The DC-DC converter according to the present invention having the particular construction and exhibiting unique advantages as described hereinabove finds wide applications. It can be applied to a power supply system and apparatus in which low noise is essential, such as a power supply system and apparatus that receives an input power from a solar panels, a power supply system and apparatus that receives an input power from a battery, a battery charging/discharging system and apparatus, or the like.

Claims

1) A DC-DC converter including an input inductor and a switching device connected in series between positive and negative terminals of an input voltage source, and a load connected to a node of the input inductor and the switching device through a rectifying device and an output inductor for converting the voltage of the input voltage source to a desired output voltage of the same polarity as the voltage of the input voltage source to be supplied to the load, further comprising:

a first intermediate inductor connected between the output side of the input inductor and the negative terminal of the input voltage source; and

a second intermediate inductor connected between the output side of the switching device and the negative terminal of the input voltage source;

wherein the input inductor and the output inductor are magnetically coupled to the first intermediate inductor and the second intermediate inductor.

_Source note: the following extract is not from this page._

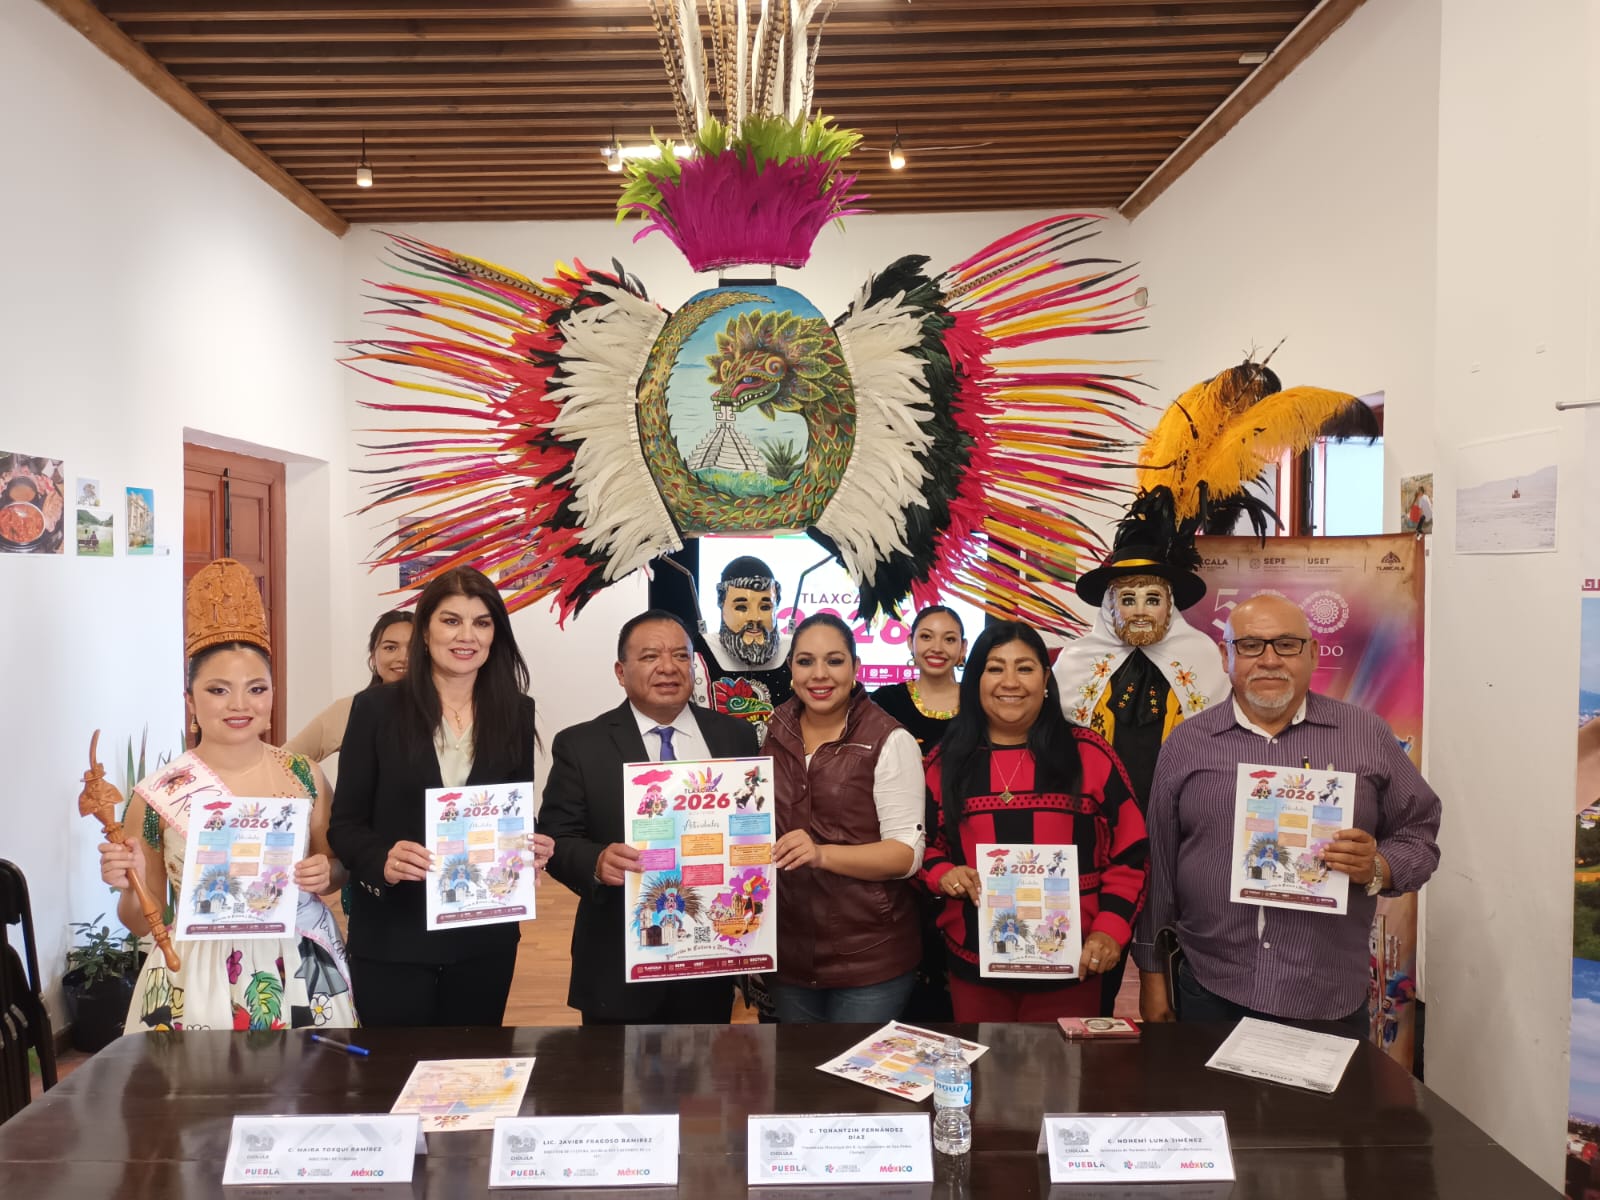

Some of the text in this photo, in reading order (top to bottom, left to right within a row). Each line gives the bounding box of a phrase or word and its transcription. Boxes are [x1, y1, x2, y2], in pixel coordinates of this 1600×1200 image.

2) A DC-DC converter of claim 1, further comprising a first intermediate capacitor connected between the input inductor and the first intermediate inductor; and a second intermediate capacitor connected between the switching device and the output side of the rectifying device.

3) A DC-DC converter of claim 1, wherein the input inductor and the first intermediate inductor (or the second intermediate inductor) have an equal inductance ratio as the output inductor and the second intermediate inductor (or the first intermediate inductor).

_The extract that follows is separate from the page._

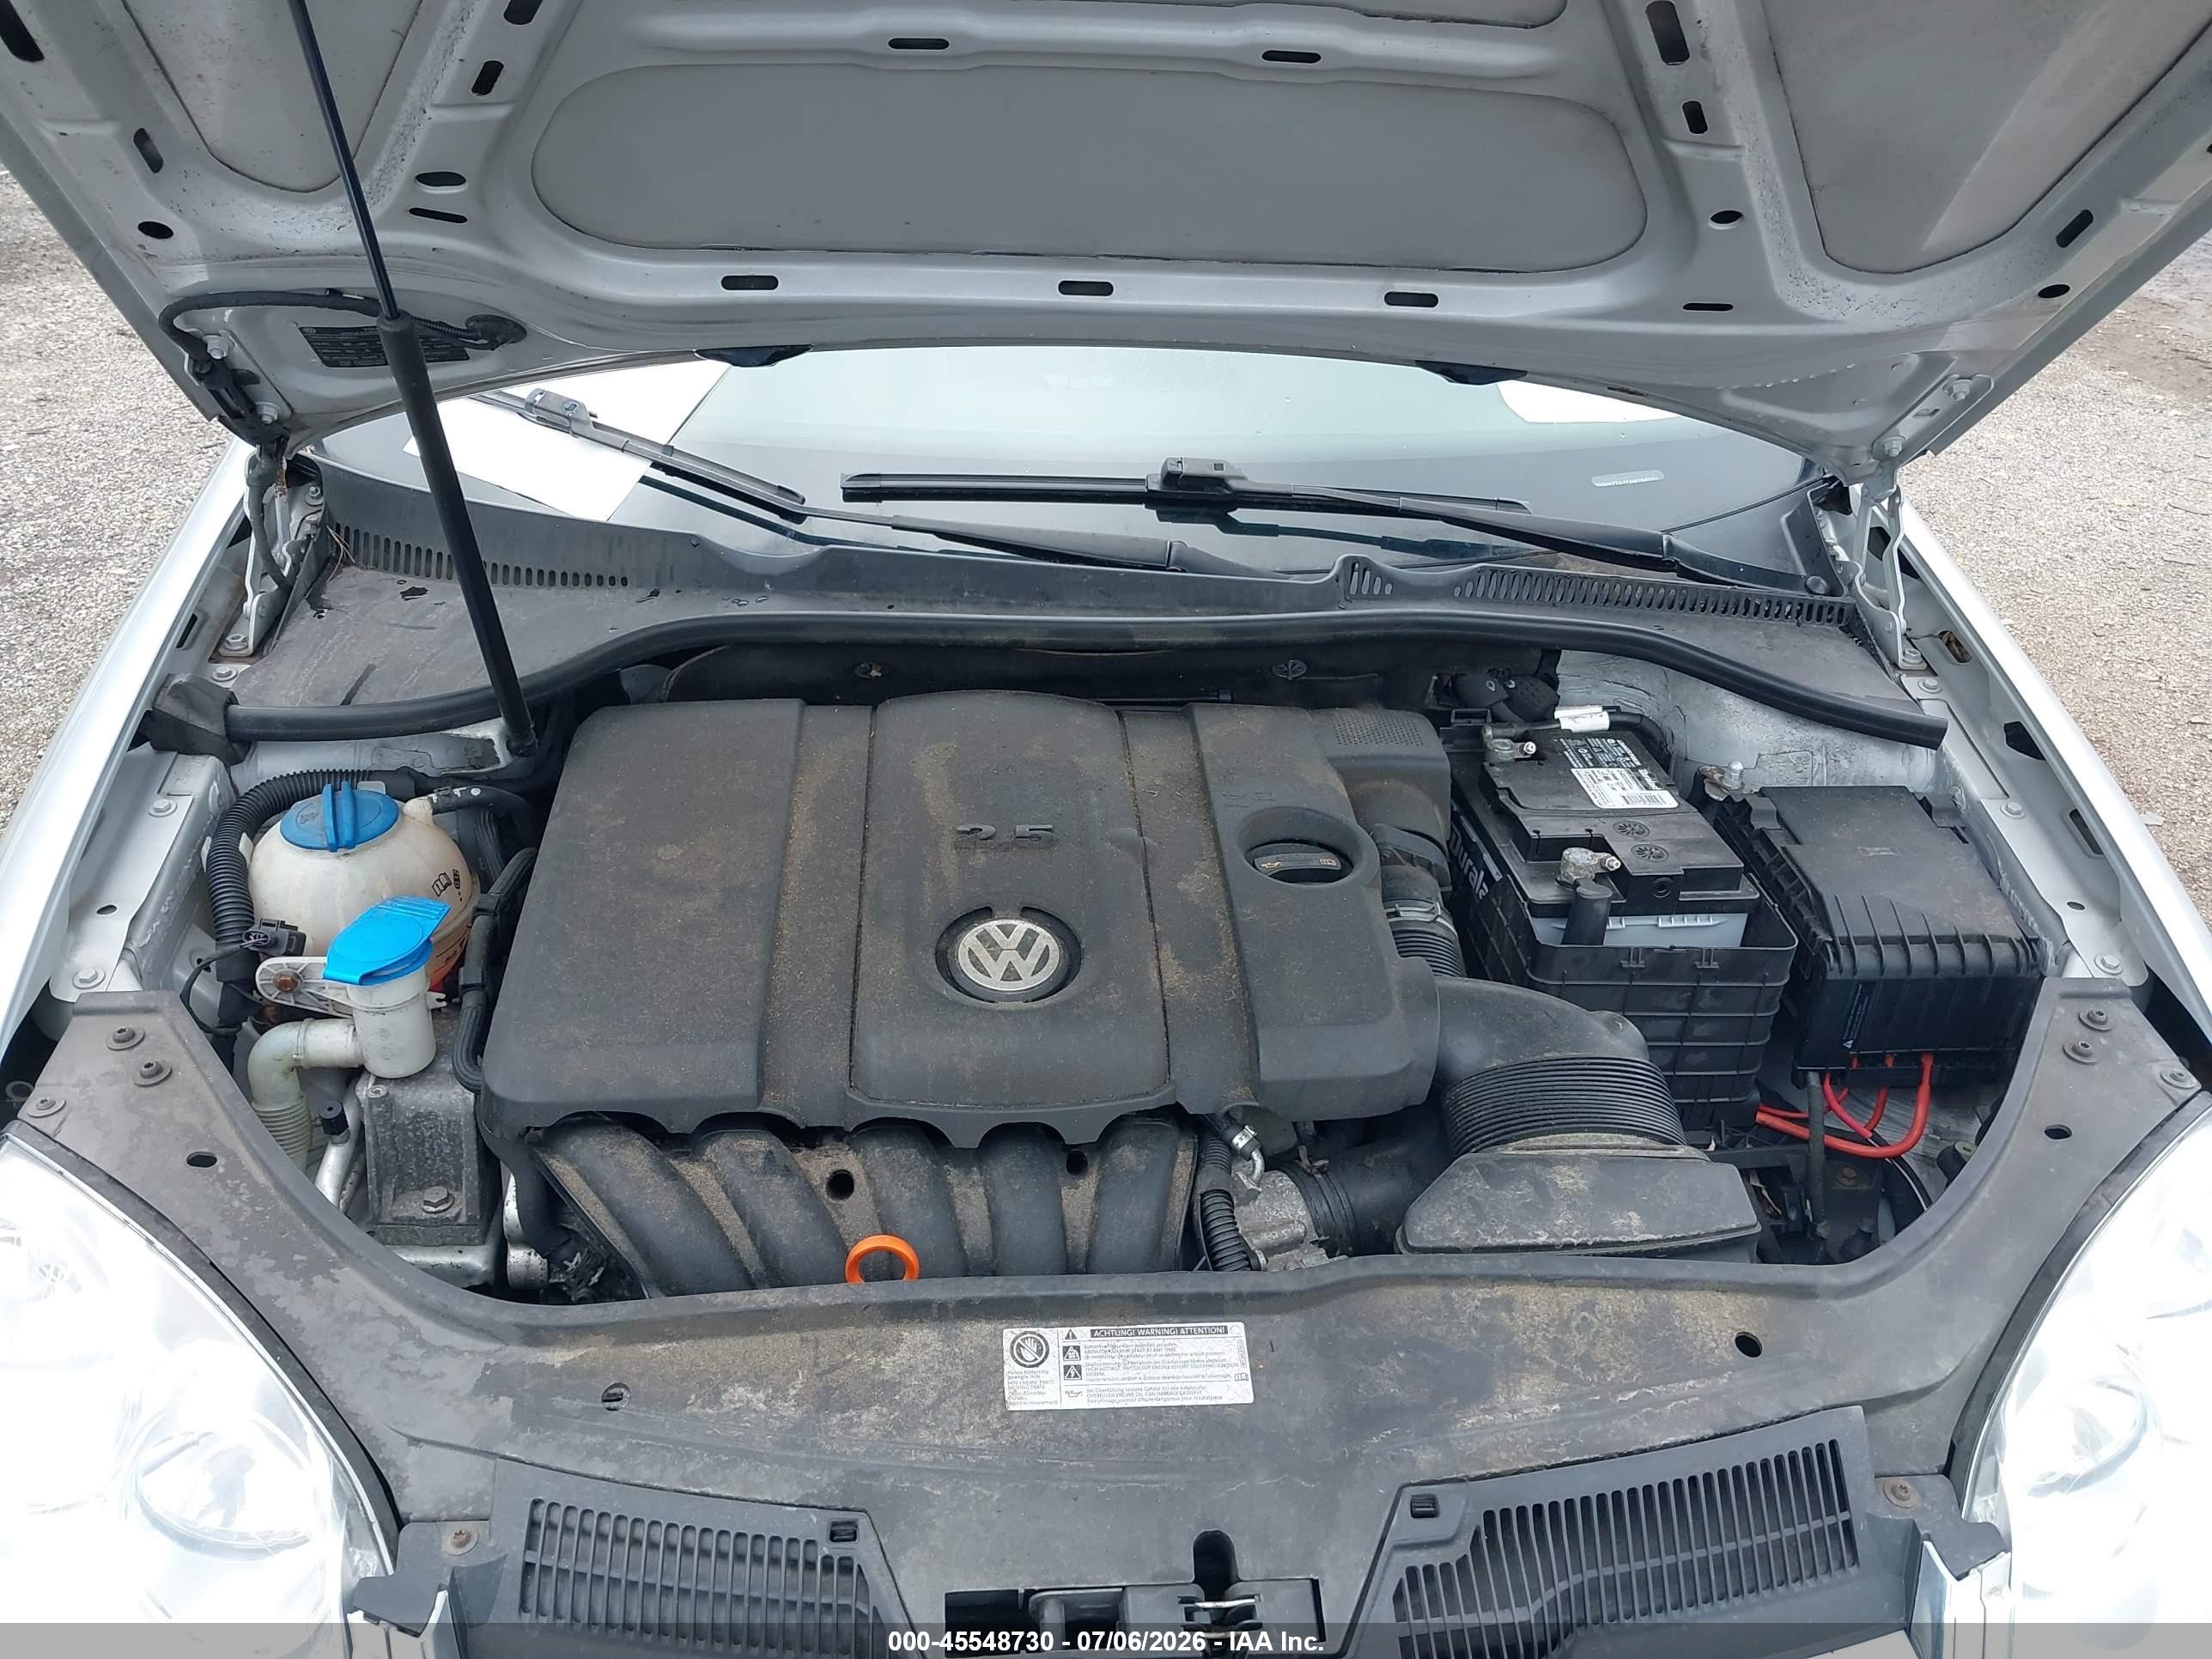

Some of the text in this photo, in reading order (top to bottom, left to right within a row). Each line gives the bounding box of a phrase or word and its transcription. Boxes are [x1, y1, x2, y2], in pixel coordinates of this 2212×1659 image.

4) A DC-DC converter of claim 1, wherein the input inductor, the output inductor, the first intermediate inductor and the second intermediate inductor are made of a transformer having respective windings wound around a common core.

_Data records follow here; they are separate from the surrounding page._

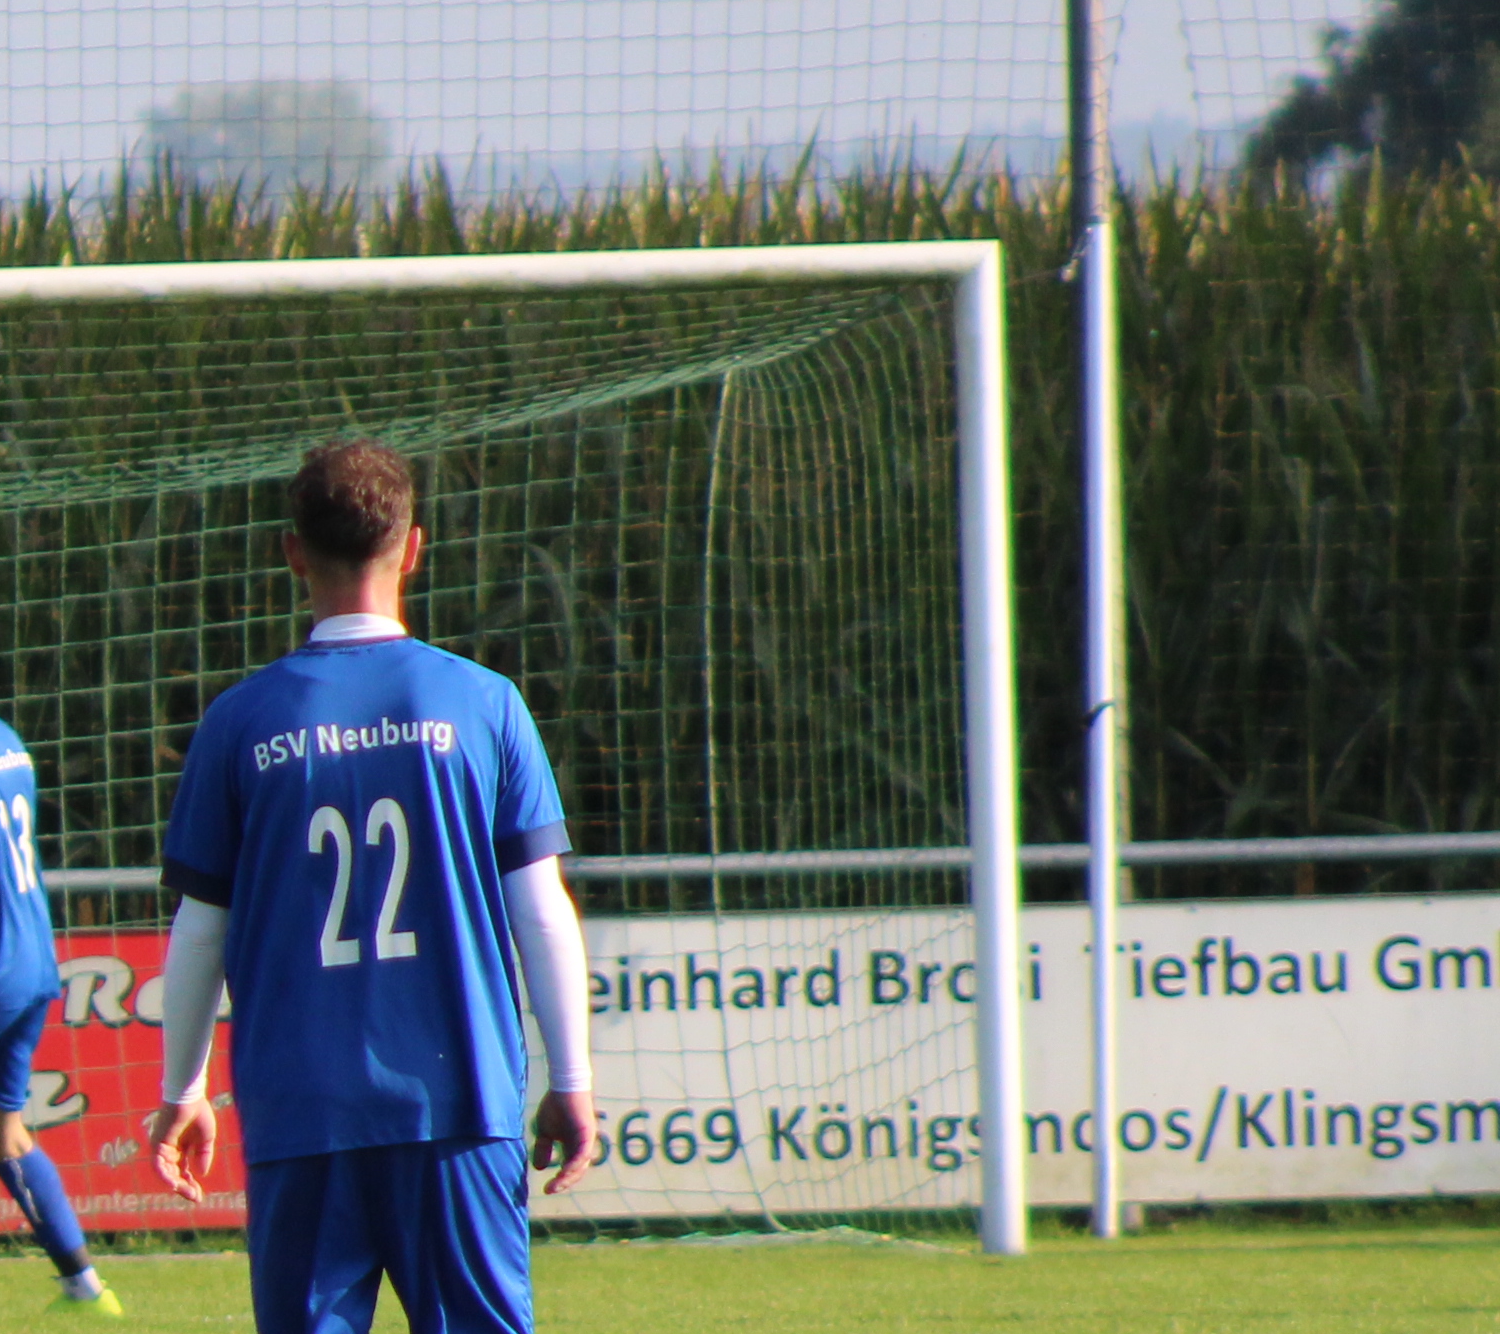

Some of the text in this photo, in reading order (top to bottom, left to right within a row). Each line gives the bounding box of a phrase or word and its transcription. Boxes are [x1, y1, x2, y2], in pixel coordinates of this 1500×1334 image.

[254, 717, 453, 771] BSV Neuburg
[308, 797, 417, 967] 22
[590, 950, 840, 1013] einhard
[1084, 936, 1347, 998] iefbau
[1375, 935, 1497, 992] Gm

5) A DC-DC converter of claim 1, further comprising a feedback control circuit for controlling ON/OFF time of the switching device by detecting the output voltage of the load so that substantially constant output voltage is supplied to the load despite voltage fluctuation of the input voltage source.

6) A DC-DC converter of claim 1, wherein the input voltage source is a solar panels and the output voltage is supplied to various observation equipment installed in an artificial satellite including a planet exploration space craft.

7) A DC-DC converter comprising an input inductor and a switching device connected in series between positive and negative terminals of an input voltage source, and a load connected to a node of the input inductor and the switching device through a rectifying device for stepping up the voltage of the input voltage source to a desired voltage of the same polarity as the input voltage source before being outputted to the load, further comprising:

a first intermediate inductor and a first intermediate capacitor connected in series between the negative terminal of the input voltage source and a node of the input inductor and the rectifying device;

an output inductor connected between the rectifying device and the load;

a second intermediate inductor connected between the output end of the switching device and the negative terminal of the input voltage source; and

a second intermediate capacitor connected between a node of the second intermediate inductor and the switching device and a node of the rectifying device and the output inductor.

8) A DC-DC converter of claim 7, wherein the input and output inductors are magnetically coupled to the first and second intermediate inductors.

9) A DC-DC converter of claim 7, wherein the input inductor, the output inductor and the first and second intermediate inductors are made of a transformer including four windings wound around a common core.

10) A DC-DC converter of claim 7, further comprising a feedback control circuit for controlling ON/OFF time of the switching device by detecting the output voltage to be outputted to the load for maintaining the output voltage substantially constant despite voltage fluctuation of the input voltage source.